Percée médicale : Un nouveau test pourrait diagnostiquer les infections sanguines en moins de deux heures
Stockholm, suède – Une équipe de chercheurs suédois a développé une nouvelle méthode de diagnostic des infections sanguines, potentiellement capable de réduire le temps d’attente des résultats de plusieurs jours à seulement deux heures. cette avancée, publiée dans NPJ Digital Medicine, pourrait révolutionner la prise en charge des patients atteints de septicémie, une urgence médicale grave.
Actuellement, l’identification de l’agent pathogène responsable d’une infection sanguine et la détermination de l’antibiotique approprié peuvent prendre jusqu’à quatre jours.Ce délai crucial peut avoir des conséquences fatales pour les patients.La nouvelle technique vise à accélérer considérablement ce processus.

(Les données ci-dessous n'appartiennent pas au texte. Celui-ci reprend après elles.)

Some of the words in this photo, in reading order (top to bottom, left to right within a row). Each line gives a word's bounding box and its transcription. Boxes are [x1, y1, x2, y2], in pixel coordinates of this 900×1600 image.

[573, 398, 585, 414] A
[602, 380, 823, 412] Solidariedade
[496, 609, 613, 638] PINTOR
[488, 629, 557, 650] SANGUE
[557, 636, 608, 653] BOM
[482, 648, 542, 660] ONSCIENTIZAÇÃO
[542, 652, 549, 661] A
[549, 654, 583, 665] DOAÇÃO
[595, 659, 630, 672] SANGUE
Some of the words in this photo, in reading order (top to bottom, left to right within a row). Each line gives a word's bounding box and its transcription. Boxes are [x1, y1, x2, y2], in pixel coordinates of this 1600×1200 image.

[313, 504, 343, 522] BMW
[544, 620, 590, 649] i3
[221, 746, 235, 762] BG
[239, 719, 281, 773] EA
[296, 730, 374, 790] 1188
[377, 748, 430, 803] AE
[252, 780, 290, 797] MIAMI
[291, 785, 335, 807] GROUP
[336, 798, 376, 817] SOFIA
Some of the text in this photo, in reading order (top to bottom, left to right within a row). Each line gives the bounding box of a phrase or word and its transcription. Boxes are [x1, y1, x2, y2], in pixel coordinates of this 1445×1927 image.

Le système utilise une technique de “centrifugation intelligente” pour séparer les bactéries des cellules sanguines, créant un liquide clair contenant uniquement les bactéries. Ce liquide est ensuite analysé sur une micropuce dotée de pièges qui capturent les bactéries. Une imagerie microscopique en accéléré, analysée par un logiciel d’apprentissage automatique, permet de détecter rapidement la présence et la croissance des bactéries.
Les tests initiaux ont démontré une détection réussie de trois bactéries couramment impliquées dans les infections sanguines : E. coli, K. pneumoniae et E. faecalis, même à de faibles concentrations.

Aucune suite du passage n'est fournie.